====== RECORDS TO USE
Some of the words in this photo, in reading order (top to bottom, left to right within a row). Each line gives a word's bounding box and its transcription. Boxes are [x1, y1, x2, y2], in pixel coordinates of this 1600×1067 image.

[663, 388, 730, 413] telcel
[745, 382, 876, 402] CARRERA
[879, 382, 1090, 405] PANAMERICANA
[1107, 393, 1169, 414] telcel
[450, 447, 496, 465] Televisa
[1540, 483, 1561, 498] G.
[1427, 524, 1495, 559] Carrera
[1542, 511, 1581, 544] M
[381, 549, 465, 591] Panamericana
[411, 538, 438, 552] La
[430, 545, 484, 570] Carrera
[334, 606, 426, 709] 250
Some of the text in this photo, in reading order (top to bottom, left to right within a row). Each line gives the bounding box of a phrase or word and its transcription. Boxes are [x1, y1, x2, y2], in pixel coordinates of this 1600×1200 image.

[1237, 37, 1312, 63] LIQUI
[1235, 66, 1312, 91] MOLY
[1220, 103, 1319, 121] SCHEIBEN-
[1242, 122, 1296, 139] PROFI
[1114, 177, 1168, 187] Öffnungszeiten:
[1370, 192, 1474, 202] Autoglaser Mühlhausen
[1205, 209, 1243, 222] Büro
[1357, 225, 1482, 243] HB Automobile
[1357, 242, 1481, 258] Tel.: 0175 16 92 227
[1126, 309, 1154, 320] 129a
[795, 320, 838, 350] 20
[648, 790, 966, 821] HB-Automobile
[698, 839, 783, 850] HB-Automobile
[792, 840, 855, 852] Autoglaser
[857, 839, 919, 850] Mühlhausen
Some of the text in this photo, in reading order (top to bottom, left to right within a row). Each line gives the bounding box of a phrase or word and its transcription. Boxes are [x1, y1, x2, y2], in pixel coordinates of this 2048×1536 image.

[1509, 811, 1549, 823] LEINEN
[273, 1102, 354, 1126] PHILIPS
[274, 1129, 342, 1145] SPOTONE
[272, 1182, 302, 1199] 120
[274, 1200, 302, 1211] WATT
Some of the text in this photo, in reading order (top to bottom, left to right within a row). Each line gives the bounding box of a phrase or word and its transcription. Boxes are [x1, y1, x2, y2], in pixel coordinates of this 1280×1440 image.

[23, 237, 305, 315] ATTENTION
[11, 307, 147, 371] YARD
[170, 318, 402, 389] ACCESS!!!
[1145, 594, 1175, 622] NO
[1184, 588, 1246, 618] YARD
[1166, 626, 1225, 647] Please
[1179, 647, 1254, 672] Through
============
WHAT TO PRODUCE
Copy out the full set of entries without altering anything.

RESPONSE FOR THIS EXERCISE
Some of the words in this photo, in reading order (top to bottom, left to right within a row). Each line gives a word's bounding box and its transcription. Boxes are [x1, y1, x2, y2], in pixel coordinates of this 1600×1067 image.

[663, 388, 730, 413] telcel
[745, 382, 876, 402] CARRERA
[879, 382, 1090, 405] PANAMERICANA
[1107, 393, 1169, 414] telcel
[450, 447, 496, 465] Televisa
[1540, 483, 1561, 498] G.
[1427, 524, 1495, 559] Carrera
[1542, 511, 1581, 544] M
[381, 549, 465, 591] Panamericana
[411, 538, 438, 552] La
[430, 545, 484, 570] Carrera
[334, 606, 426, 709] 250
Some of the text in this photo, in reading order (top to bottom, left to right within a row). Each line gives the bounding box of a phrase or word and its transcription. Boxes are [x1, y1, x2, y2], in pixel coordinates of this 1600×1200 image.

[1237, 37, 1312, 63] LIQUI
[1235, 66, 1312, 91] MOLY
[1220, 103, 1319, 121] SCHEIBEN-
[1242, 122, 1296, 139] PROFI
[1114, 177, 1168, 187] Öffnungszeiten:
[1370, 192, 1474, 202] Autoglaser Mühlhausen
[1205, 209, 1243, 222] Büro
[1357, 225, 1482, 243] HB Automobile
[1357, 242, 1481, 258] Tel.: 0175 16 92 227
[1126, 309, 1154, 320] 129a
[795, 320, 838, 350] 20
[648, 790, 966, 821] HB-Automobile
[698, 839, 783, 850] HB-Automobile
[792, 840, 855, 852] Autoglaser
[857, 839, 919, 850] Mühlhausen
Some of the text in this photo, in reading order (top to bottom, left to right within a row). Each line gives the bounding box of a phrase or word and its transcription. Boxes are [x1, y1, x2, y2], in pixel coordinates of this 2048×1536 image.

[1509, 811, 1549, 823] LEINEN
[273, 1102, 354, 1126] PHILIPS
[274, 1129, 342, 1145] SPOTONE
[272, 1182, 302, 1199] 120
[274, 1200, 302, 1211] WATT
Some of the text in this photo, in reading order (top to bottom, left to right within a row). Each line gives the bounding box of a phrase or word and its transcription. Boxes are [x1, y1, x2, y2], in pixel coordinates of this 1280×1440 image.

[23, 237, 305, 315] ATTENTION
[11, 307, 147, 371] YARD
[170, 318, 402, 389] ACCESS!!!
[1145, 594, 1175, 622] NO
[1184, 588, 1246, 618] YARD
[1166, 626, 1225, 647] Please
[1179, 647, 1254, 672] Through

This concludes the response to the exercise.